Norah was cold when they handed her to Jennifer. Her sweet baby Norah, named for her grandmother. Her longed-for beloved baby girl, cold and motionless. They hadn’t closed her eyes; those eyes, the same blue-grey as John’s stared blankly up at Jennifer in the hospital bed where she bled. She rocked her still form, singing “Hush Little Baby” for the one and only time without flesh separating them.

John looked on in terror at his partner, the mother of death. He balked when she asked him to get into a picture with them. A picture of the three of them together was what she wanted, a memento of their little family. John backed away, left the room, left them alone. It was a nurse on the bereavement team who had brought the Polaroid camera out, snapped the picture of Norah and Jennifer. She handed it to her, a sick consolation prize, as she tried to take the small cold body from her arms.

Jennifer pulled Norah back. “I need to close her eyes! She needs sleep!” she screamed at them all while reaching for Norah’s face. Her nails made eerie, bloodless contact. Norah’s eyes wouldn’t close. Jennifer tugged down again and again at those little lids, desperate for them to close, as the midwives tried to pull the body away.

Then she saw that Norah’s eyes were expanding, filling up that little face with deep blue-grey holes, swirling pools of cloudy mess replacing her dead eyes. 

“She’s alive!” Jennifer raged. “Look, her eyes are moving.” Jennifer stared into the cloudy mess where her daughter’s eyes were swirling, transfixed. Her small newborn mouth opening in a contorted suckling motion that wouldn’t be satiated. A black mouth expanding outwards, sucking Jennifer in, swallowing her whole, dragging her into a dark, cavernous void of despair.

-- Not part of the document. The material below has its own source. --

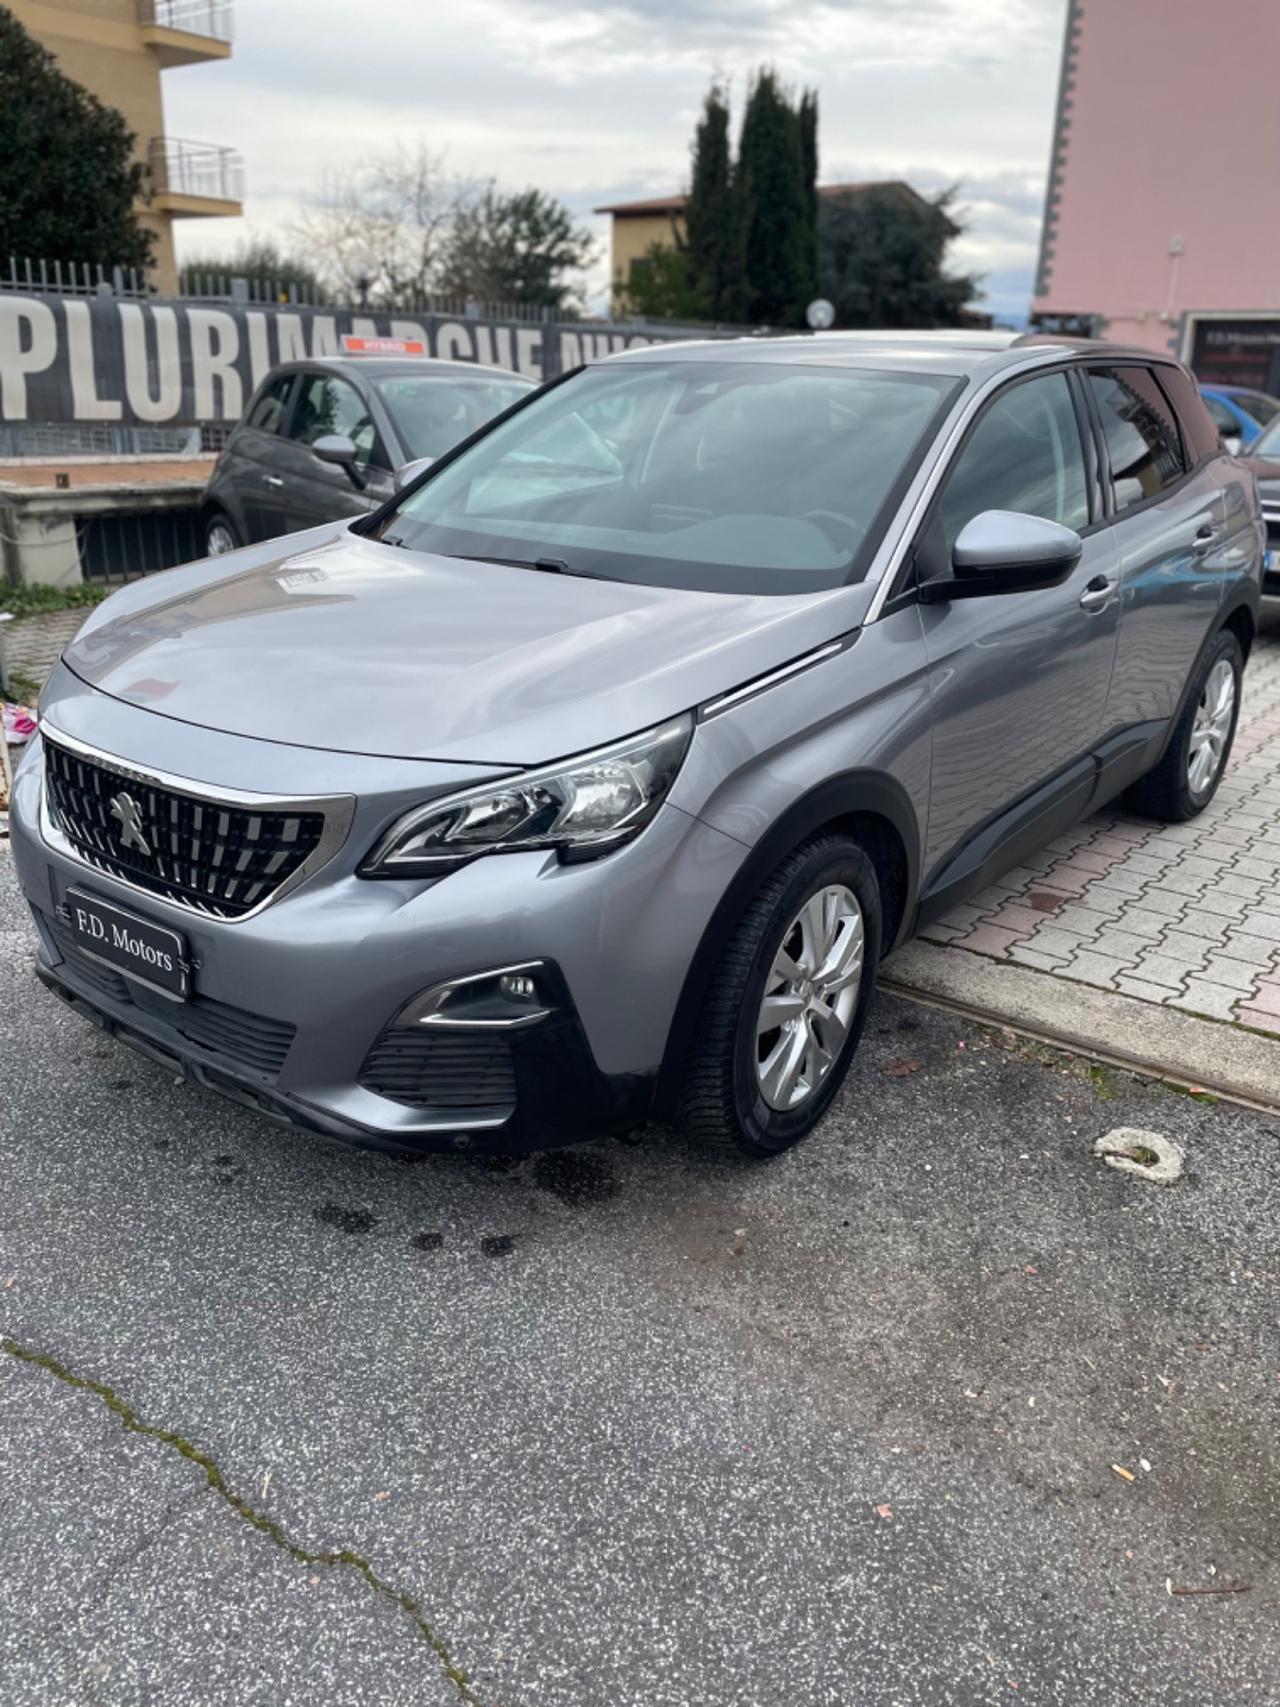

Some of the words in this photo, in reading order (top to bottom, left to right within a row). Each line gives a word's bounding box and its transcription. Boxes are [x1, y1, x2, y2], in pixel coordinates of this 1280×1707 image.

[0, 296, 543, 421] PLURIMCHE
[76, 907, 109, 943] F.D.
[111, 923, 173, 972] Motors

“So, how are we doing?” The nurse’s voice brought Jennifer back. 

She strained to open her eyes, trying to return to reality.

“Jennifer, how are you doing?”

Jennifer felt the nurse’s cold hands around her wrist as she blinked, letting in a crack of light. A smell like bleach emanated from her. Jennifer’s mouth felt like cotton had been stuffed in it as she tried to say she was okay.

“Jennifer, how are you doing?” the nurse barked again.

As Jennifer looked up, her eyes adjusting, the room coming into focus, the nurse’s dark eyes began to slide slowly down her face, opening into two massive holes that spread from her forehead to her dripping cheekbones. Inside those holes, a swirling mass of cloudy blue-grey liquid. All Jennifer could do was scream, her body tied down in the chair. The nurse’s grotesque swirling eyes pulled her back down, deep into that terrible void within them.